27 Juin 2009
| 26/06/2009 | 11:59 |
Patrick Jarry - maire de Nanterre, conseiller général des Hauts-de-Seine, président de l'Etablissement public d'aménagement Seine-Arche (Epasa), administrateur de l'Etablissement public d'aménagement de La Défense (Epad) - souligne dans son courrier solennel à Nicolas Sarkozy combien sont devenus "obsolètes" les plans de relance et d'extension du quartier d'affaires de La Défense, établis "sans aucune concertation", mais surtout, avant le Grenelle de l'environnement, avant la crise et avant le discours du président de la République sur le devenir du territoire de la métropole parisienne. Il demande que les populations et les villes du secteur soient associées à une véritable réflexion pour repenser l'avenir de l'Ouest parisien.

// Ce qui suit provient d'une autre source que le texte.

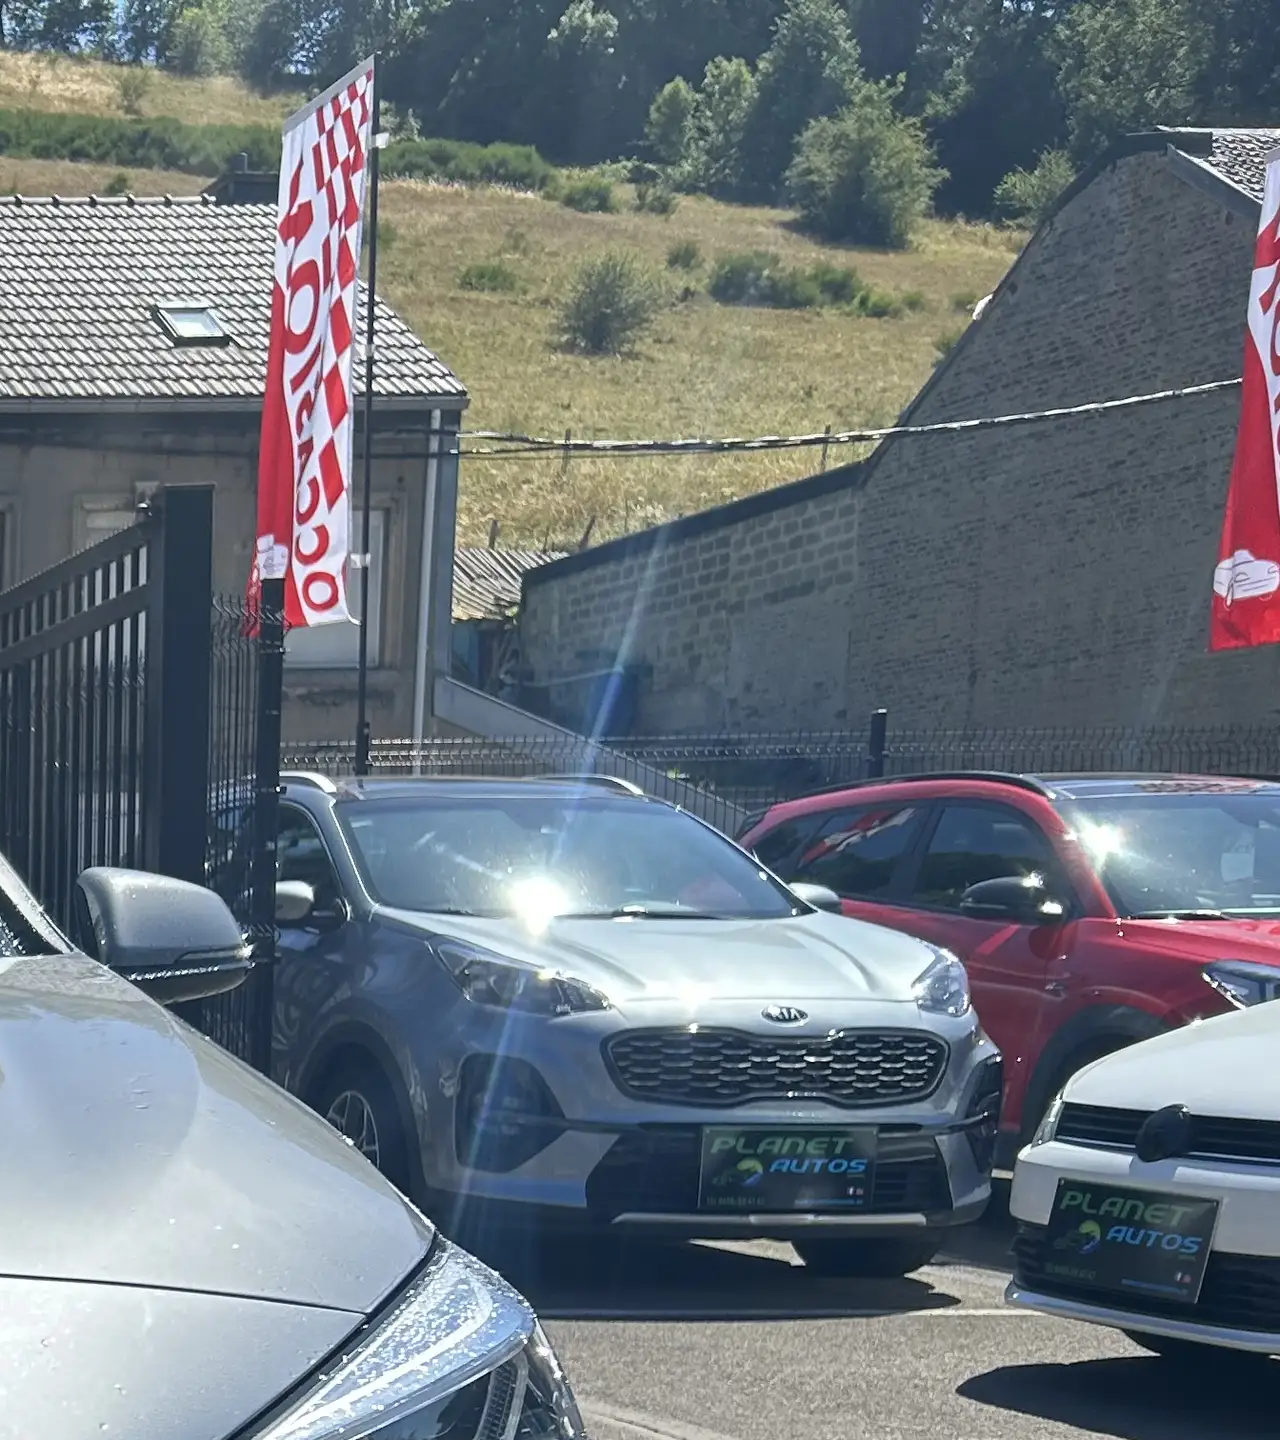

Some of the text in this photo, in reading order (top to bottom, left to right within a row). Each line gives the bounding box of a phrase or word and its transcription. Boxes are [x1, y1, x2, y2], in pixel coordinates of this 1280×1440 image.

Voici l'intégralité de ce courrier.
" Monsieur le Président,
Comme toutes les villes de la région capitale, Nanterre souhaite être pleinement partie prenante du débat actuel concernant le devenir de l'Ile-de-France, et tout particulièrement celui de l'Ouest parisien.
C'est tout le sens du conseil municipal extraordinaire qui s'est tenu le 23 mai dernier et qui a rassemblé des centaines d'habitants. A cette occasion, les élus municipaux ont pu prendre connaissance de l'ensemble des projets en cours impactant le territoire communal. Ils ont réaffirmé leur volonté que Nanterre soit respectée et associée.
Cette exigence, largement partagée par toutes celles et tous ceux qui vivent, travaillent et étudient dans notre ville, se fonde sur l'expérience. Cela fait en effet des années que nous portons l'idée que cette grande métropole parisienne n'a aucun avenir si elle continue d'être aussi ségrégative et aussi peu durable. Nous l'avons dit dans les débats internationaux conduits autour des villes, lors des échanges qui ont créé Paris métropole, ou encore pendant la préparation du Schéma directeur d'aménagement de la région Ile-de-France (Sdrif).
De ce point de vue, j'ai suivi avec beaucoup d'attention votre récent discours au sujet du Grand Paris, prononcé le mercredi 29 avril dernier, depuis la Cité de l'architecture et du patrimoine. Vous y insistez sur l'idée d'unir la ville, de combattre les ségrégations spatiales, sociales, culturelles...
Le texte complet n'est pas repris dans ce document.